MASIA ONE with MICHEE MEE , JULLY BLACK and others as part of the HONEY JAM TALENT SHOWCASE and PHEMPHAT NINTH ANNIVERSARY PARTY at the Phoenix, Sunday (August 15). $15. 416-870-8000. Rating: NNNNN
In a memorable Seinfeld episode, George tells Jerry that most successful relationships begin with a great meeting story. By that theory, the union of Masia One and hiphop will probably last forever.
"I was in this bootleg market in Singapore - my mother was buying glasses frames," she starts excitedly between sips of tea at the Rivoli. "I was in grade 2, and I'd just gotten Chinese New Year money from my grandmother. So I'm running around and I find a tape store, and I pick up this tape with this scope on it. I flipped it to the back and there was this guy with a clock around his neck, and I'm, like, 'Aw, cool! That's like a cartoon character!' I bought it cuz I thought it was a kids' tape."

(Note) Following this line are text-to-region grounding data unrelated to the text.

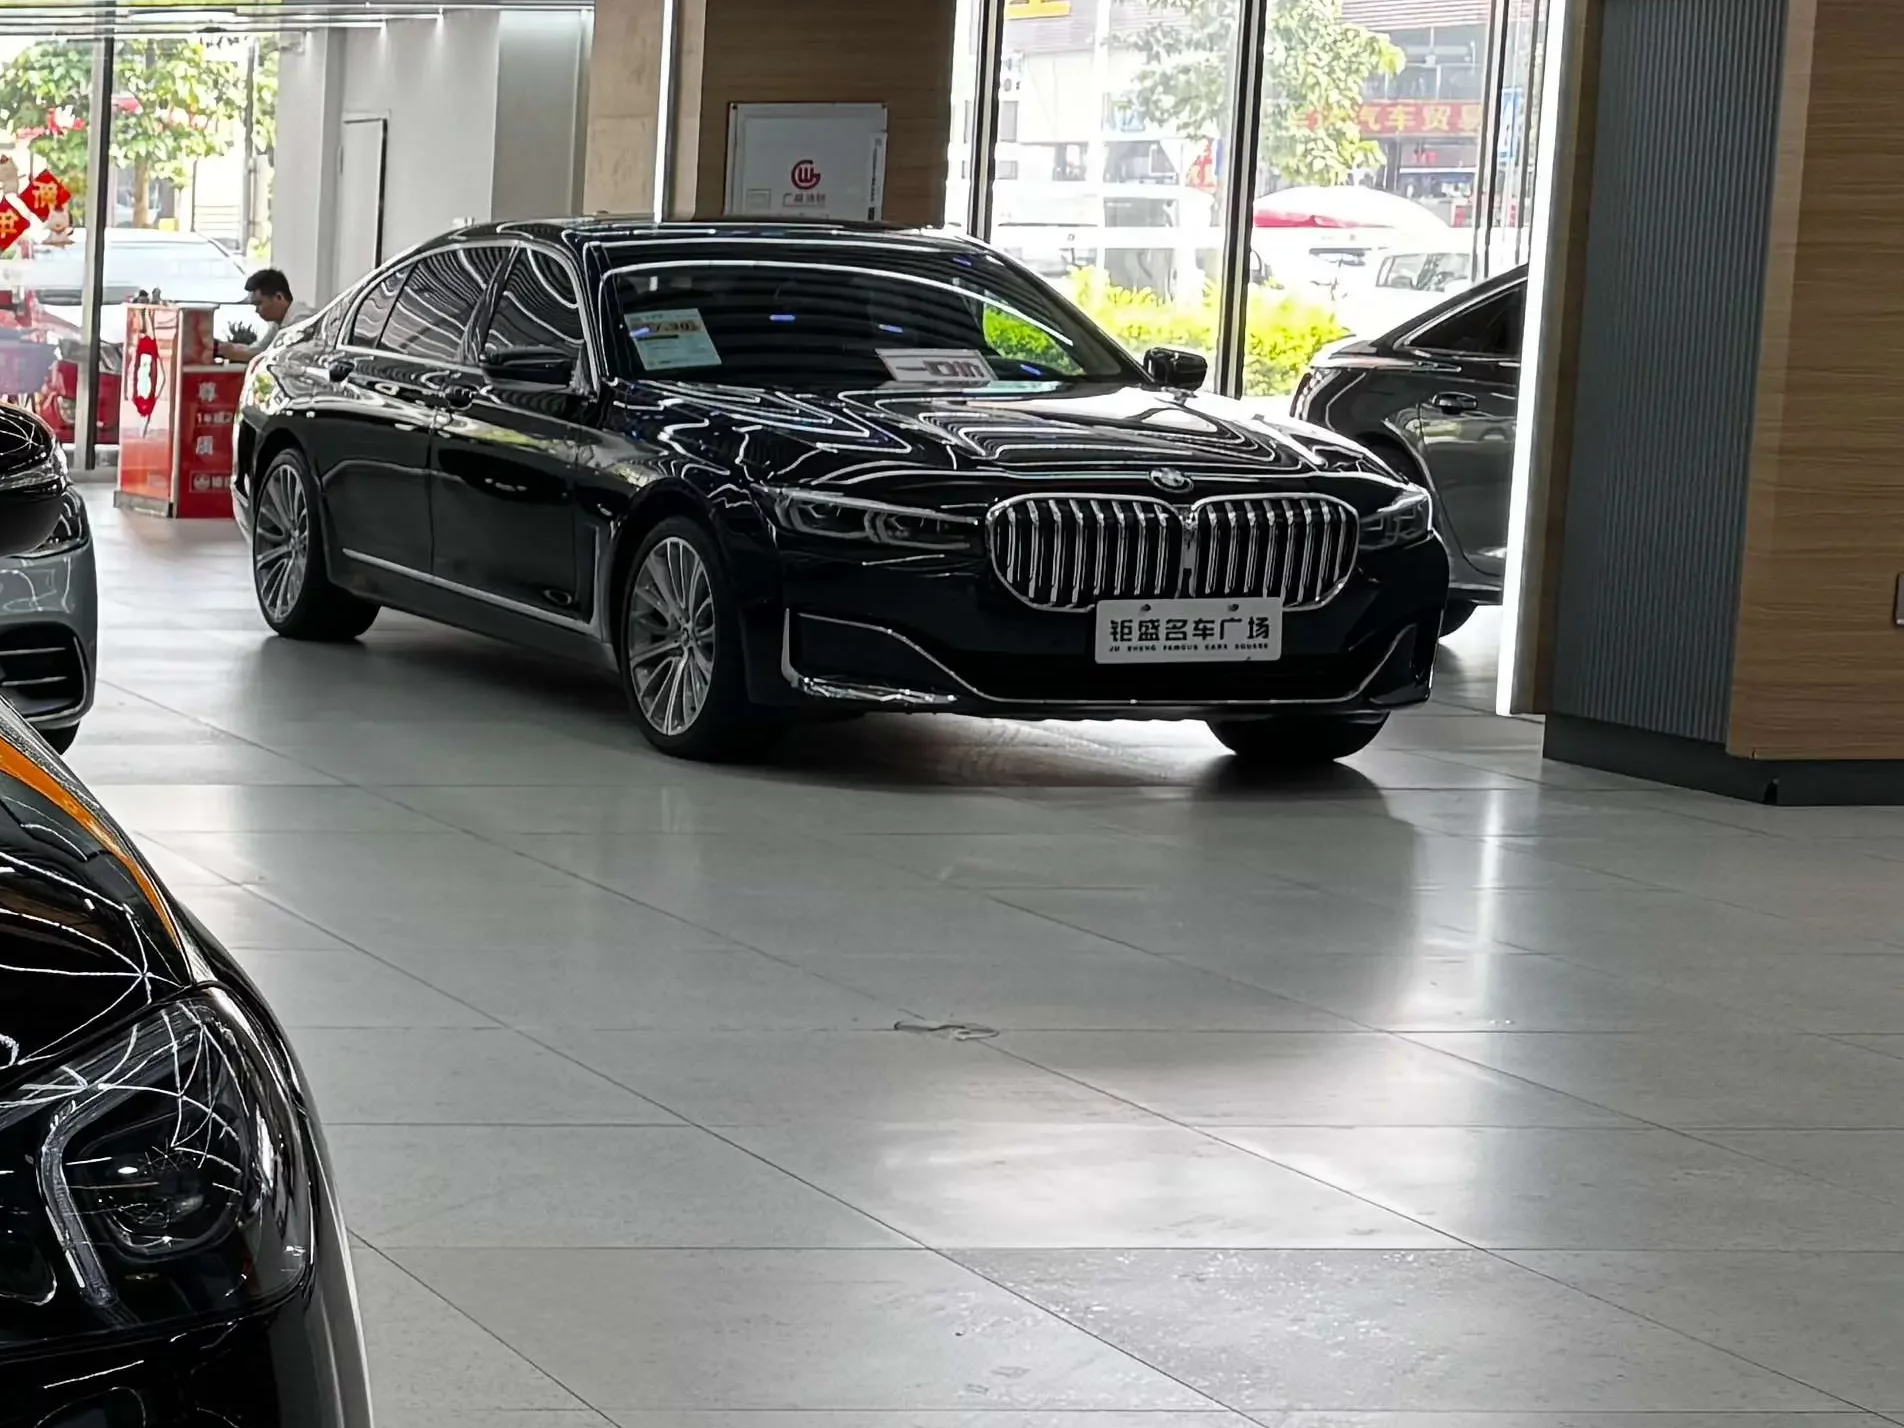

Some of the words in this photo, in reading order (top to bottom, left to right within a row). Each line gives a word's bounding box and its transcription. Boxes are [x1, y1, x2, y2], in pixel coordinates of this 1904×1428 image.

[1110, 617, 1269, 642] 钜盛名车广场
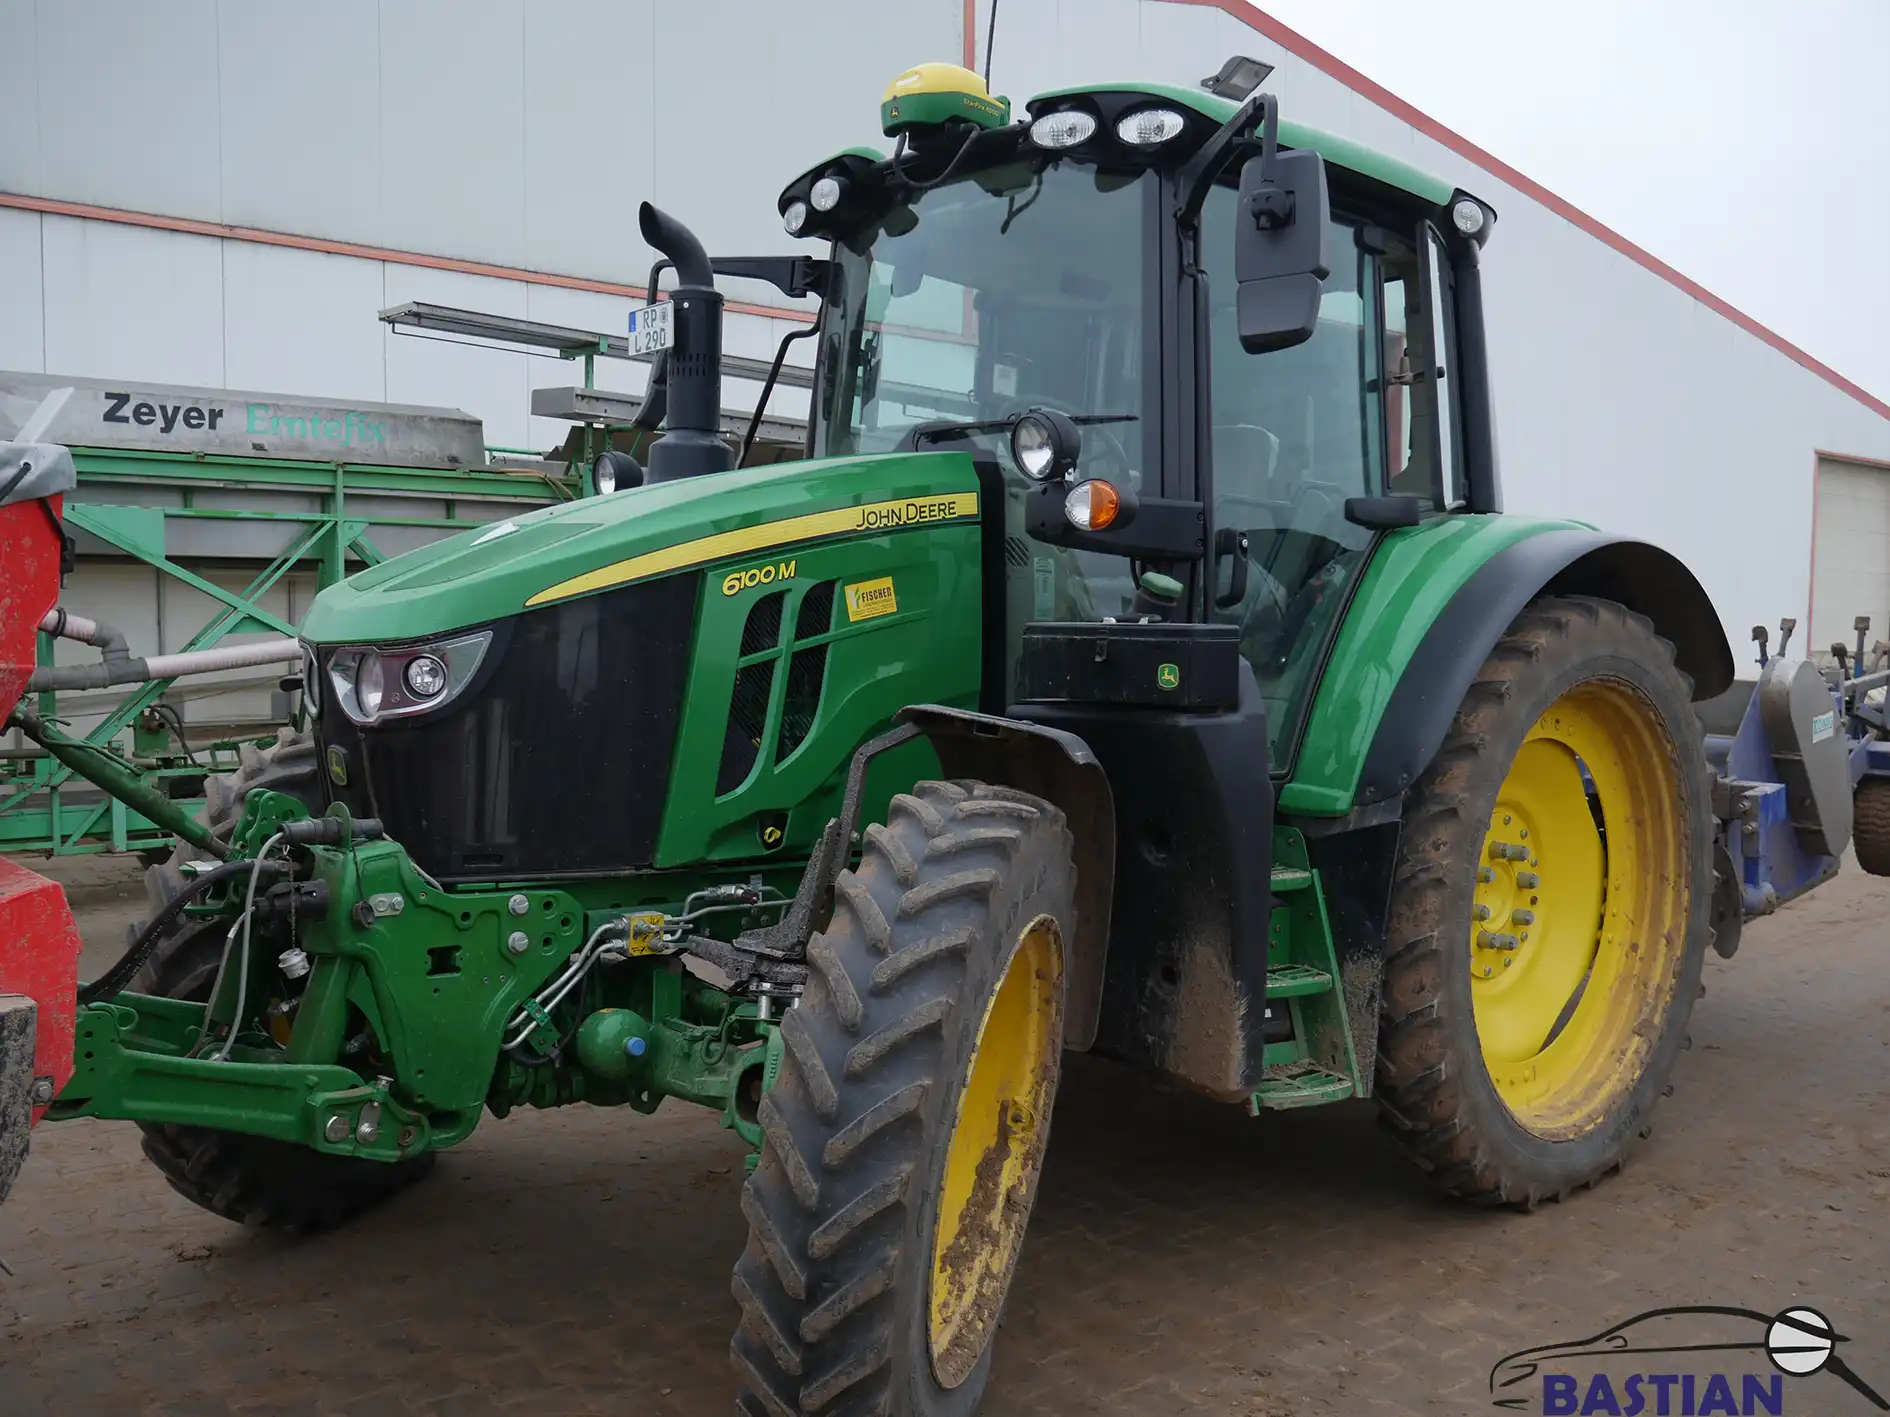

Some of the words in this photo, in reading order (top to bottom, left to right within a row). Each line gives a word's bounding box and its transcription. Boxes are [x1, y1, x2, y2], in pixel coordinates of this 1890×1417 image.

[643, 308, 657, 329] RP
[635, 335, 641, 353] L
[645, 327, 666, 351] 290
[102, 392, 224, 433] Zeyer
[246, 404, 388, 447] Erntefix
[856, 506, 902, 529] JOHN
[905, 501, 957, 521] DEERE
[861, 586, 893, 602] FISCHER

Homeboy with the clock wasn't exactly Raffi. The tape in question was Public Enemy's It Takes A Nation Of Millions To Hold Us Back, which, at the time, was ghetto-blasting through the Western world with Chuck D and Flavor Flav's venomous social politickin' over a hardcore collage of sound.

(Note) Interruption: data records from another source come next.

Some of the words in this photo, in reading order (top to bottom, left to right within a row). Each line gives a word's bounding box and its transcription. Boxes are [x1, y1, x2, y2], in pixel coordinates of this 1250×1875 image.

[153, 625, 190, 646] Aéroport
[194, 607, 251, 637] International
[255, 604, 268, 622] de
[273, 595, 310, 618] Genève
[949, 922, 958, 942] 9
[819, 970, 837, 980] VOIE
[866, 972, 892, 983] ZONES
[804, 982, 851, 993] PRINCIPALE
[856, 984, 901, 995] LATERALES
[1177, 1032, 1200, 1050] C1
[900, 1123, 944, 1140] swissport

Everything fell into place after Masia and her fam moved to Vancouver shortly thereafter and hiphop culture became a serious part of her life.
Masia came to Toronto to study at U of T in 1996, and on the way to graduating with an honours degree in architecture she found her niche in the city's hiphop community with the aid of roommate-by-sheer-coincidence Jesse Ohtake of thecyberkrib.com. Ohtake ended up tossing her on the bill of an all-female rap showcase called I Used To Love H.E.R.

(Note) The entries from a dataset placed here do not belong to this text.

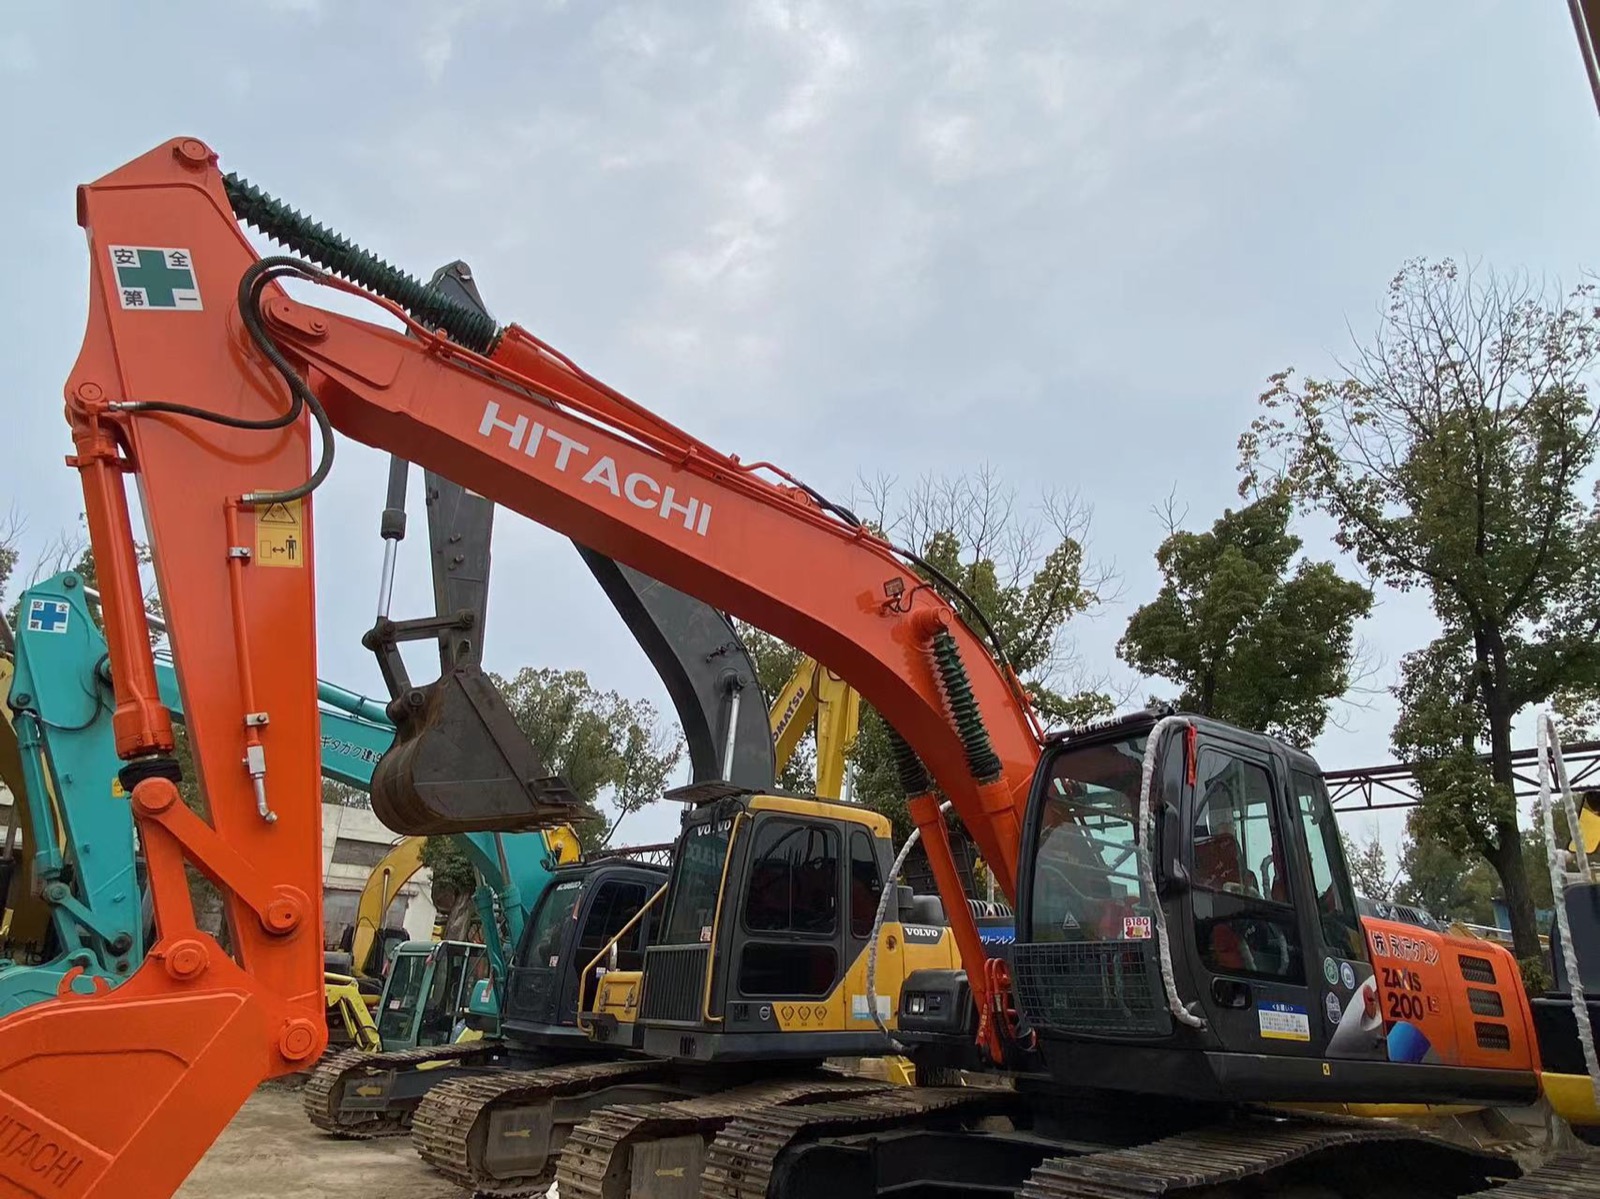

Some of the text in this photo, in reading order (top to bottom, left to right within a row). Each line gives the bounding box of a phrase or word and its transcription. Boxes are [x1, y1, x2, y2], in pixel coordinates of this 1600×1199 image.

[478, 400, 712, 537] HITACHI
[773, 687, 805, 743] OMATSU
[1072, 713, 1124, 735] HITACHI
[697, 820, 732, 837] VOVO
[905, 927, 938, 937] VOLVO
[1125, 917, 1149, 927] B180
[1387, 991, 1425, 1021] 200

"I was going to do it as a one-off thing, but I got an amazing response, so it's just been that direction ever since," she says. That direction has included non-stop performances with the ill live backing of Afro-rock 12-piece Ultra Magnus, and working six jobs concurrently to fund, found and run her own label/promotional arm, M1 Group (www.masiaone.com), through which she pushes her dope debut album, Mississauga.
The album features bold beats ranging in style from breezy funk to electro-pop, all carrying Masia's self-assured flows and unique, often witty rhyme technique.
The album was mostly produced by Yoroku Saki, but her buddy Jesse F. Keeler of Death from Above 1979 did the dirty track The Hazing and will remix it with Sebastien Grainger of his group for her next single and video - for which she was easily granted VideoFACT funding after the runaway success of her dead-sick second video for Split Second Time, which was beating Jay-Z on Much's Rapcity countdown for a while.
Sadly, not every head got the irony of that video, which featured nearly every Asian stereotype Masia and director Matt Burke could muster.
"I got really tired of seeing all the clichés of Asians in the mainstream. Whenever you see an Asian, it's gonna be kung-fu fighting, and the girls are submissive, like tea-pouring schoolgirls," she explains.
"But I got all these kids writing me hate mail. I've gotten, 'Who's this Asian bitch giving a bad name to Asian females - you'd make a better porn star.' Of course, I'd probably be giving a worse name to Asian females if I did decide to be a porn star," she laughs.